Frank, el de los sensuales ojos grises, el del firme y esbelto cuerpo. Frank, el que se había memorizado todos los detalles del cuerpo de Leenie con los ojos, con las manos, con la boca y con la lengua. Frank, que siempre parecía sugerir una cama con las sábanas revueltas y que era capaz de excitarla sin tocarla...

–¿Lurleen?

–¿Eh? –dijo ella. Aparentemente, Jim le había dicho algo sobre lo que esperaba una respuesta. Como ella había estado pensando en otro hombre, no se había enterado de lo que su acompañante le había preguntado.

–Estás a un millón de kilómetros de aquí, ¿verdad?

–Lo siento, Jim, es que...

–No tienes que explicarme nada. Estás pensando en tu hijo, ¿no es así? Las madres tienden a obsesionarse por sus bebés, pero tú deberías ser capaz de superar los típicos sentimientos de culpa que experimenta una mujer cuando deja a su hijo para ir a trabajar. Tú eres demasiado inteligente para creer que tienes que ser la persona más importante en la vida de tu pequeño en estos momentos. Después de todo, tienes una niñera perfectamente capacitada, ¿no?

–Sí, así es.

–Comprendo que, dado que eres madre soltera, el peso que sientes sobre los hombros es mucho más pesado.

Leenie observó atentamente a Jim mientras él seguía hablando y dándole su opinión sobre el modo correcto de criar a los niños, especialmente a uno que no contaba con la figura del padre. Sus comentarios la molestaron. ¿Estaba tratando de aconsejarla? ¿Le había pedido ella que compartiera su sabiduría en el tema de la educación de los hijos?

–Jim...

Él se detuvo a mitad de frase, dejó de hablar y la miró perplejo.

–¿Sí?

Leenie había estado a punto de recriminarle, de decirle claramente que a él no le importaba la relación que ella tuviera con su hijo. Sin embargo, cambió de opinión.

–Pidamos algo de postre. Creo que me tomaré un pastel de queso.

Jim la miró con desaprobación.

–¿Estás segura de que quieres tomarte esas calorías extras? Después de todo, seguramente aún te sobran algunos kilos por el embarazo.

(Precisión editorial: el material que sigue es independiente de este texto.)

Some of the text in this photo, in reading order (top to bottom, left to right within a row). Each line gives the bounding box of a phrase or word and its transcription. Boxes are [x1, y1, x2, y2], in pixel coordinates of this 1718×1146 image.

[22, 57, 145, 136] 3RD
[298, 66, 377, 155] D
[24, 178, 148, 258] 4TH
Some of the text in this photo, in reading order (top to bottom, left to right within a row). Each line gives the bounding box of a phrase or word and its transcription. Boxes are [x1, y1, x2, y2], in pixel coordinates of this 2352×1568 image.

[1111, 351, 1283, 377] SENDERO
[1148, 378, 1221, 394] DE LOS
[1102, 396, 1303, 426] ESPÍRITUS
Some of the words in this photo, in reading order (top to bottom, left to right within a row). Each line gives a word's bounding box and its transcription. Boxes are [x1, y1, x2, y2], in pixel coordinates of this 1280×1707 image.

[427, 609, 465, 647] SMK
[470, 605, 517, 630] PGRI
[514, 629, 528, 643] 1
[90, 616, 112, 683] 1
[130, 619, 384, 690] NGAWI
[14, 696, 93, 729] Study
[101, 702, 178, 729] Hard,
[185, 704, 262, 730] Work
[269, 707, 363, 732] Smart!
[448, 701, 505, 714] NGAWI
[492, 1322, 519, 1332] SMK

Jim sonreía, pero a Leenie le apetecía darle un bofetón. ¡Menudos kilos! En aquellos momentos pesaba precisamente lo mismo que había pesado antes de quedarse embarazada. Había adelgazado siete kilos cuando Andrew nació y otros tres en los últimos dos meses. Todos los que conocía se habían quedado maravillados por lo rápidamente que había recuperado la figura.

–Tienes razón –dijo–. Es mejor que no tomemos postre.

No era de las calorías de lo que debía prescindir en aquellos momentos, sino de la compañía. Apretó los dientes para no decírselo mucho más claramente.

–Mira, acabo de recordar que ya tenía una cita para este fin de semana, así que no podré acompañarte a cenar y al cine –añadió. Con eso, apartó la silla de la mesa y se puso de pie.

El siempre muy caballeroso Jim se puso también de pie.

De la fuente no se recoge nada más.